My place had once been the parlor floor of a town house. I looked up at my high ceiling and admired the carved cherubs in the corners of the molding. Then took in my red velvet draperies on either side of the two huge windows that faced Grove. I was waiting for West to explain. So I looked around some more. It was a big room with two sofas and three chairs. Also a folded table that I dragged out when I had company to dinner. Bookcases stuffed from top to bottom lined one wall. And the right-hand front corner was empty. Waiting. As soon as I had enough money saved I was gonna buy a piano. I loved to tickle the ivories. And I wasn’t a bad canary either. No June Christy, but I could do a good rendition of “As Time Goes By” if requested. Even if it wasn’t. The silence on the line finally got my goat.

“So you wanna tell me why you were watchin Cotten’s buildin?”

“I always watch it,” he said.

I didn’t know what to make of that. “What do ya mean,
always
?”

His voice got stronger as though he was affirming his rights. “I go there and sit in my car, and when Cotten comes out I follow him.”

“You have to stop that, Mr. West.”

“Why?”

“For one thing, if Cotten catches ya, he can sue for harassment. For another, ya got
me
now. Ya have to back off. Anyway, what do ya think you’re gonna gain by spyin on the kid?”

“I don’t like how you said that.”

“Said what?”

“The kid. As if you think he’s some poor maligned person.”

I tried not to sigh into the phone.
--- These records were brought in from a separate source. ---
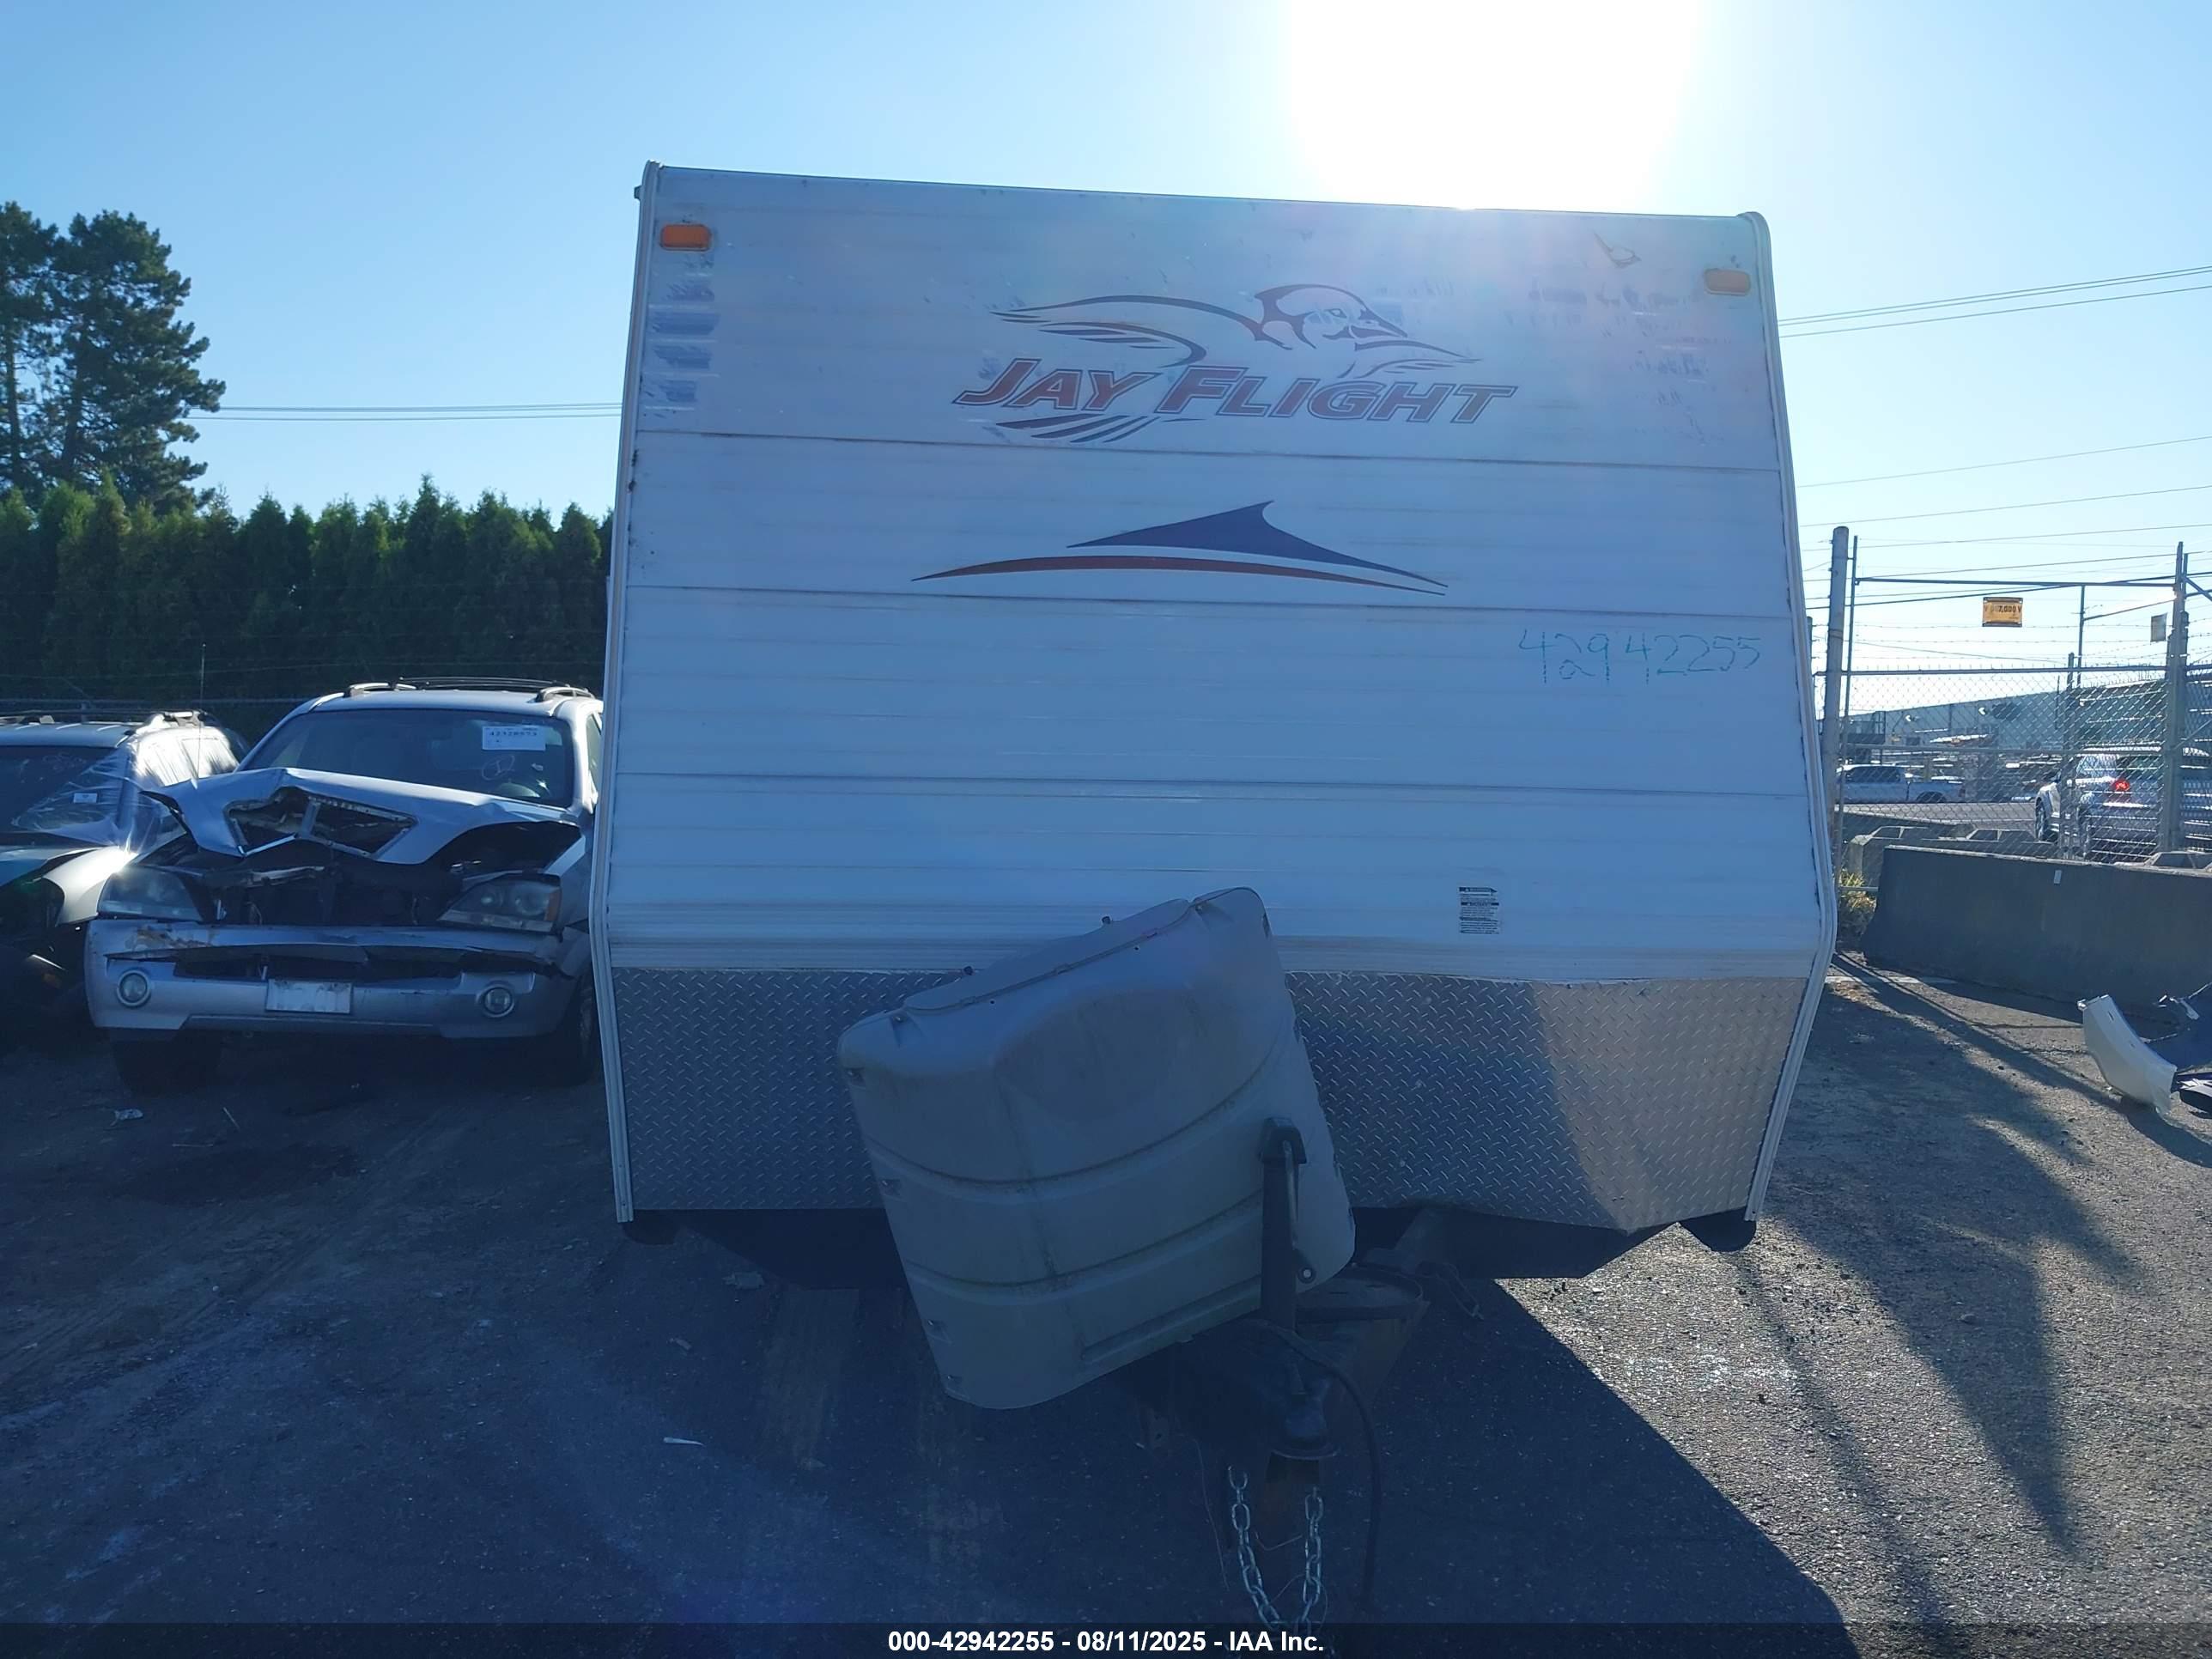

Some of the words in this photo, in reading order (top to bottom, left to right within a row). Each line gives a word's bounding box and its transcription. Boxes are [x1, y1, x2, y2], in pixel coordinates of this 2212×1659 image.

[951, 357, 1164, 413] JAY
[1154, 366, 1518, 423] FLIGHT
[1518, 629, 1762, 685] 42942255
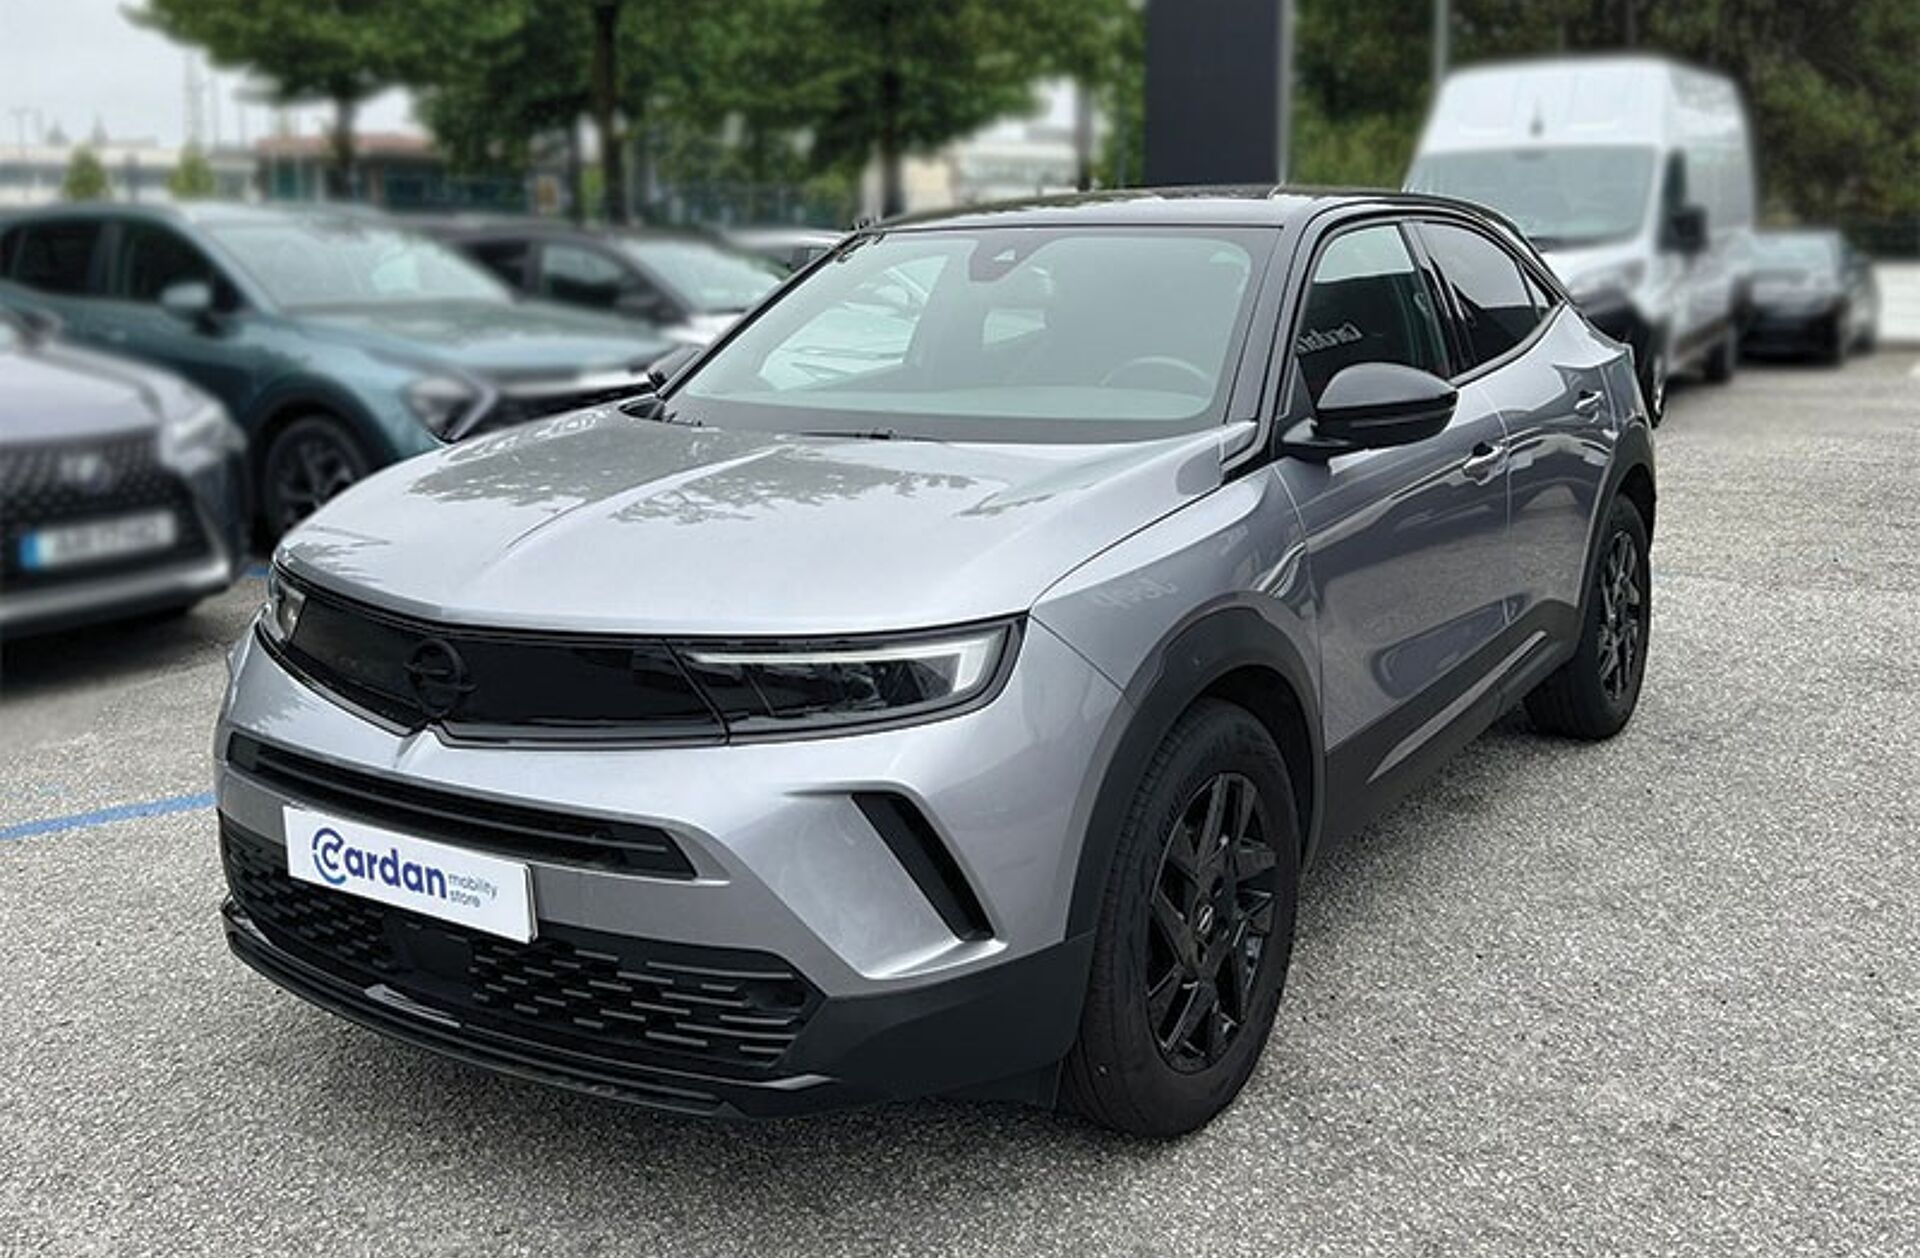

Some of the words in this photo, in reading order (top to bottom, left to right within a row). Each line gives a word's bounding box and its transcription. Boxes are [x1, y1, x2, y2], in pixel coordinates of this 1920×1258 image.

[312, 827, 447, 899] Cardan
[448, 873, 498, 899] mobility
[449, 889, 481, 908] store
I wasn’t sure I could work with this guy. “Mr. West, I don’t think anything of the kind. Now if you want me on this case you’re gonna have to leave things like surveillance up to me.”

“How will I know you’re doing your job?”

“Ya won’t. Ya’ll have to trust me.
You
hired me, Mr. West. I didn’t come to you.”

“All right. But tell me, what did you think of Cotten?”

“I don’t have a real feel for him yet.”

“But you could see that he’s guilty, couldn’t you?”

This couldn’t go on. “We’ll stick to the agreement and I’ll call ya tomorrow night.”

“Can’t you tell me that one thing?”

“No. Do ya still want me on this case?”

There was a long pause. “Yes.”

“Fine. I’m gonna hang up now, Mr. West. Good night.” I gently replaced the receiver.

I sat there staring at the spot where my piano was gonna go. This case was gonna be hell. I had to do something to get Porter West out of my way. It was too much to think about now. I needed to eat my nice piece of fish so I could get to my charlotte russe.

FOUR

The next morning I decided to skip the office and interview the next person on my list. I’d given her a jingle the night before, so she was expecting me at ten. I’m an early riser, so I had to cool my heels till it was time to go. But I didn’t mind. I’d gone to my downtown news dealer, and the wait gave me a chance to enjoy two cups of joe while I read the
Daily News
and the
Herald Tribune.

At nine-fifteen I figured I could leave to get to the Murray Hill area on the East Side in the Thirties by ten.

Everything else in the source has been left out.